Supplied data
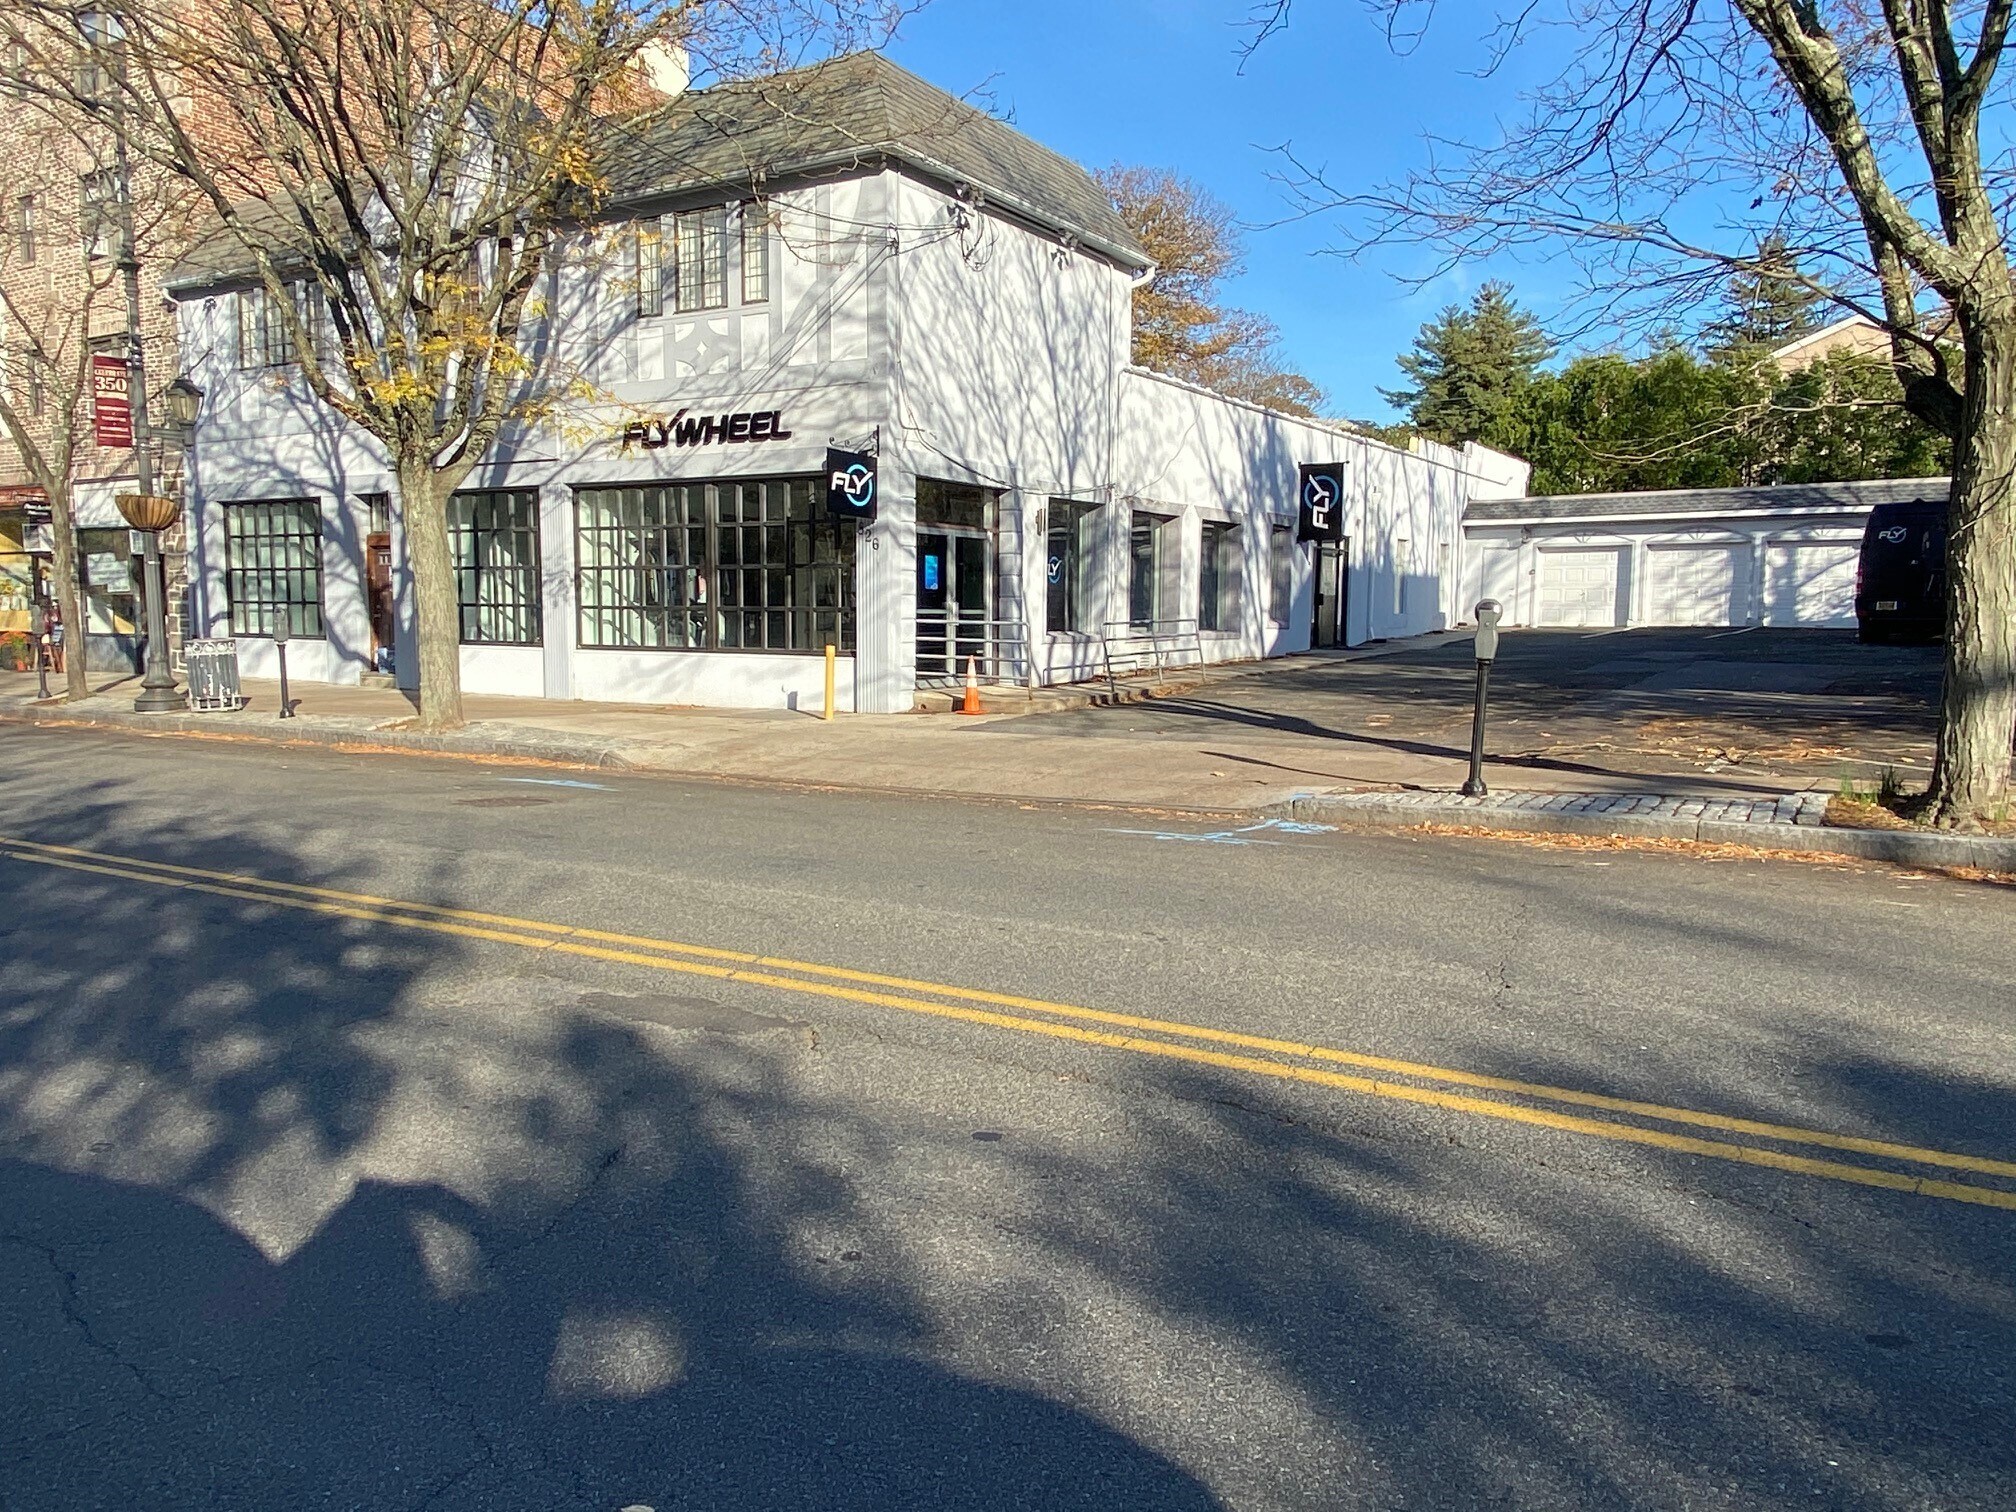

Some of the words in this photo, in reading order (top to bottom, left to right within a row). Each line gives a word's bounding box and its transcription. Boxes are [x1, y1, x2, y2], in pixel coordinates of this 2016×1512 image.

[94, 376, 128, 392] 350
[622, 408, 792, 450] FLYWHEEL
[831, 471, 874, 495] FLY
[1308, 474, 1330, 530] FLY
[1878, 527, 1907, 539] FLY

What you have to do
Restate each record from above word for word, excluding any picture it holds.

Answer area
Some of the words in this photo, in reading order (top to bottom, left to right within a row). Each line gives a word's bounding box and its transcription. Boxes are [x1, y1, x2, y2], in pixel coordinates of this 2016×1512 image.

[94, 376, 128, 392] 350
[622, 408, 792, 450] FLYWHEEL
[831, 471, 874, 495] FLY
[1308, 474, 1330, 530] FLY
[1878, 527, 1907, 539] FLY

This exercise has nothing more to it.